The Roland fountain met with violent rejection from the critics of the imperial artistic taste, which was manifested in biting caricatures . The Berlin population soon came to terms with the fountain, and in a contemporary revue the giant victoria from the Victory Column and little Roland sang a love duet.

Further story up to the destruction

At the beginning of the 1920s, the increasing traffic required a redesign of the Kemperplatz. The Roland fountain was degraded to decorate the traffic island, but continued to shape the square.

In the city novel Berlin Alexanderplatz , published in 1929, the writer Alfred Döblin had a “stupid coachman” drive his protagonist Franz Biberkopf endlessly around the Roland fountain in a nightmare .

During the National Socialist era , Kemperplatz was renamed “Skagerrakplatz” in 1933. Far more serious was the implementation of the Victory Column and the Siegesallee on the Großer Stern in 1938/1939, which robbed the fountain of its reference points.

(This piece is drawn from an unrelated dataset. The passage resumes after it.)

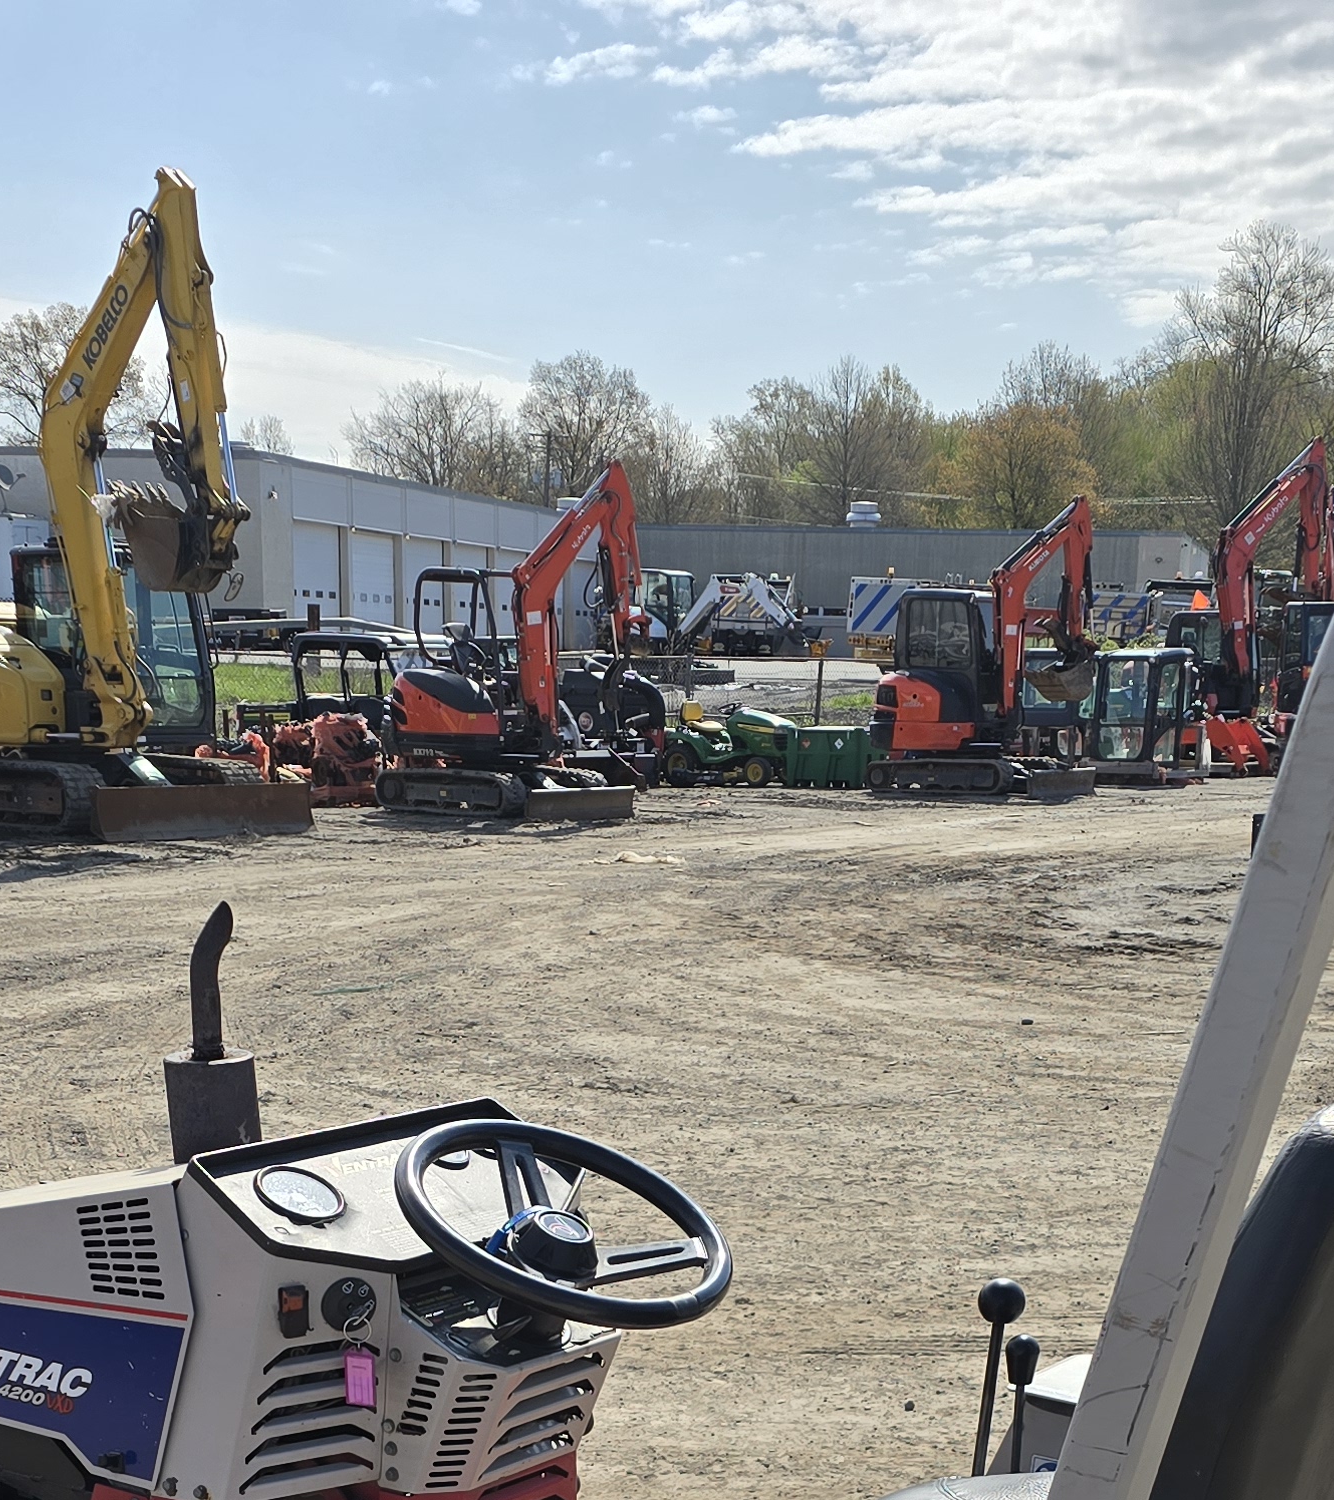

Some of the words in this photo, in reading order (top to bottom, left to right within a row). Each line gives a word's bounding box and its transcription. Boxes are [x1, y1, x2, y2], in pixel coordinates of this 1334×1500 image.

[82, 284, 128, 371] KOBELCO
[1263, 495, 1289, 522] Kubota
[316, 1153, 401, 1178] VENTRA

In the Second World War , fighting damaged the well considerably. Post-war photos show a half-blown main basin with the base on which the feet of the destroyed Roland statue still stand. The remains were cleared away around 1950. The former location of the Rolandbrunnen now represents the entrance to the Tiergarten tunnel (route of the federal highway 96 ).

literature

  • Jörg Kuhn: Otto Lessing (1846–1912): sculptor, craftsman, painter; Life and work of a sculptor of late historicism, with special consideration of his work as a building sculptor. Dissertation FU Berlin 1994, pp. 255-258.
  • Curt Killins: The Roland of Berlin , commemorative publication for the inauguration of the Roland fountain on August 25, 1902. Publishing house by Fr. Zillessen.

Web links

Commons : Rolandbrunnen  - album with pictures, videos and audio files

Individual evidence

  1. Grieben's travel guide: Berlin and the surrounding area. Berlin 1909, p. 92.
  2. ^ Alfred Döblin: Berlin Alexanderplatz. Deutscher Taschenbuch Verlag, Munich, ISBN 3-423-00295-6 , p. 60.
  3. Quoted in the Internet archive , accessed on September 24, 2017.